TASK: Exclude the images and repeat all remaining entries exactly.

Annotated photo localization data:
============================================================
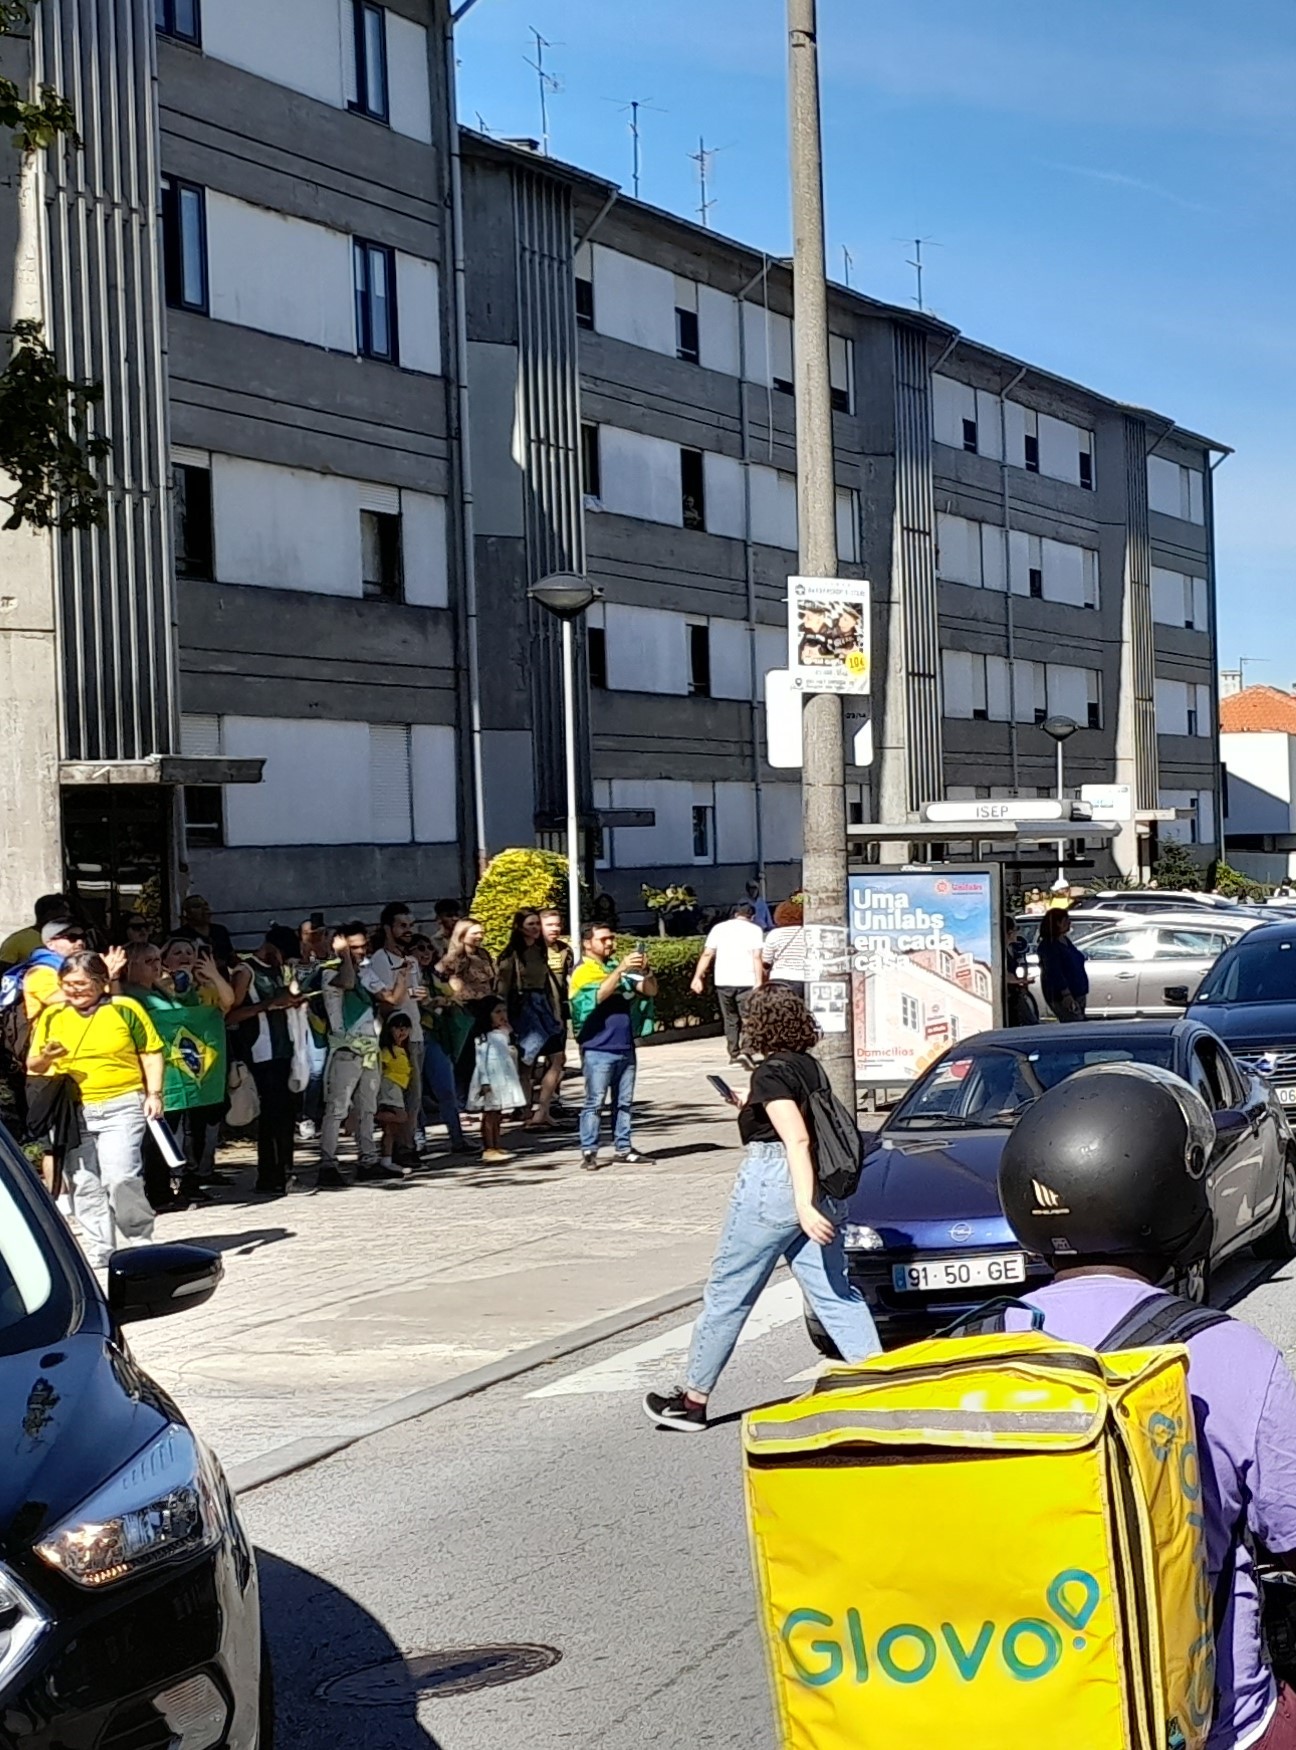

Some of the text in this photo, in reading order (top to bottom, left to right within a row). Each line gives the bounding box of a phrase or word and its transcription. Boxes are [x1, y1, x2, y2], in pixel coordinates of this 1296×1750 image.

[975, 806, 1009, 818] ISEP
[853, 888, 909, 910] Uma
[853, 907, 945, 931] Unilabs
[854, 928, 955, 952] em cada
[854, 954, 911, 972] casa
============================================================
YOUR SOLUTION:
Some of the text in this photo, in reading order (top to bottom, left to right within a row). Each line gives the bounding box of a phrase or word and its transcription. Boxes are [x1, y1, x2, y2], in pixel coordinates of this 1296×1750 image.

[975, 806, 1009, 818] ISEP
[853, 888, 909, 910] Uma
[853, 907, 945, 931] Unilabs
[854, 928, 955, 952] em cada
[854, 954, 911, 972] casa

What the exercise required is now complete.